What you will do - Your output must match the records below character for character.
- - -
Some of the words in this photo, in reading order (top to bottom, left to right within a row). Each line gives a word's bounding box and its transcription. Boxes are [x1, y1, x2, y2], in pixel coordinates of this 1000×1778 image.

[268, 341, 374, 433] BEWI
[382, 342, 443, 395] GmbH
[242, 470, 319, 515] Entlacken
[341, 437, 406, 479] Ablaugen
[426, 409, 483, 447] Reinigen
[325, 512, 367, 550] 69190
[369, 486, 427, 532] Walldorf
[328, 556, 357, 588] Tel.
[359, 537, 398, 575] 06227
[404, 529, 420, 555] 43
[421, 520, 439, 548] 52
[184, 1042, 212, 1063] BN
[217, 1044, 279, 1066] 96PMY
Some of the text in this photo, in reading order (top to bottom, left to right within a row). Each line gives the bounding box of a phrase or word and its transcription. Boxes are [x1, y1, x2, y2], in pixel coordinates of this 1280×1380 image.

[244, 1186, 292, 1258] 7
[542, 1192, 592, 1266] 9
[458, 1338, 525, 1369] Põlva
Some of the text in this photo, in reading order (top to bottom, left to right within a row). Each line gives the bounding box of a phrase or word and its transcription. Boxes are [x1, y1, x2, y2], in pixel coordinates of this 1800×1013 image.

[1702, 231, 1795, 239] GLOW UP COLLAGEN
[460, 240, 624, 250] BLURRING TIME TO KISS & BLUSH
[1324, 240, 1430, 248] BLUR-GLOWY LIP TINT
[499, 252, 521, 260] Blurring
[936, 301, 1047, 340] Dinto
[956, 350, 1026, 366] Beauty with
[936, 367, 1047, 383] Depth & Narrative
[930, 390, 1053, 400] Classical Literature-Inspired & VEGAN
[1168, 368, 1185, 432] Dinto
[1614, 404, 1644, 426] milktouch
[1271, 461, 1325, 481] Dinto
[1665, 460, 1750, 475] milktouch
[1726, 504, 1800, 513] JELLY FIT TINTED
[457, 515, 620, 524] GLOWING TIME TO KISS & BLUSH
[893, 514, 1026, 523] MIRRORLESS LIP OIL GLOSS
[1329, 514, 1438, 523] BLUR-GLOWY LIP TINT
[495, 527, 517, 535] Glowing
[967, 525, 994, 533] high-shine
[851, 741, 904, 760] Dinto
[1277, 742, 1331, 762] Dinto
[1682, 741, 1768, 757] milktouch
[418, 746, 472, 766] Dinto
- - -
Result for this task -
Some of the words in this photo, in reading order (top to bottom, left to right within a row). Each line gives a word's bounding box and its transcription. Boxes are [x1, y1, x2, y2], in pixel coordinates of this 1000×1778 image.

[268, 341, 374, 433] BEWI
[382, 342, 443, 395] GmbH
[242, 470, 319, 515] Entlacken
[341, 437, 406, 479] Ablaugen
[426, 409, 483, 447] Reinigen
[325, 512, 367, 550] 69190
[369, 486, 427, 532] Walldorf
[328, 556, 357, 588] Tel.
[359, 537, 398, 575] 06227
[404, 529, 420, 555] 43
[421, 520, 439, 548] 52
[184, 1042, 212, 1063] BN
[217, 1044, 279, 1066] 96PMY
Some of the text in this photo, in reading order (top to bottom, left to right within a row). Each line gives the bounding box of a phrase or word and its transcription. Boxes are [x1, y1, x2, y2], in pixel coordinates of this 1280×1380 image.

[244, 1186, 292, 1258] 7
[542, 1192, 592, 1266] 9
[458, 1338, 525, 1369] Põlva
Some of the text in this photo, in reading order (top to bottom, left to right within a row). Each line gives the bounding box of a phrase or word and its transcription. Boxes are [x1, y1, x2, y2], in pixel coordinates of this 1800×1013 image.

[1702, 231, 1795, 239] GLOW UP COLLAGEN
[460, 240, 624, 250] BLURRING TIME TO KISS & BLUSH
[1324, 240, 1430, 248] BLUR-GLOWY LIP TINT
[499, 252, 521, 260] Blurring
[936, 301, 1047, 340] Dinto
[956, 350, 1026, 366] Beauty with
[936, 367, 1047, 383] Depth & Narrative
[930, 390, 1053, 400] Classical Literature-Inspired & VEGAN
[1168, 368, 1185, 432] Dinto
[1614, 404, 1644, 426] milktouch
[1271, 461, 1325, 481] Dinto
[1665, 460, 1750, 475] milktouch
[1726, 504, 1800, 513] JELLY FIT TINTED
[457, 515, 620, 524] GLOWING TIME TO KISS & BLUSH
[893, 514, 1026, 523] MIRRORLESS LIP OIL GLOSS
[1329, 514, 1438, 523] BLUR-GLOWY LIP TINT
[495, 527, 517, 535] Glowing
[967, 525, 994, 533] high-shine
[851, 741, 904, 760] Dinto
[1277, 742, 1331, 762] Dinto
[1682, 741, 1768, 757] milktouch
[418, 746, 472, 766] Dinto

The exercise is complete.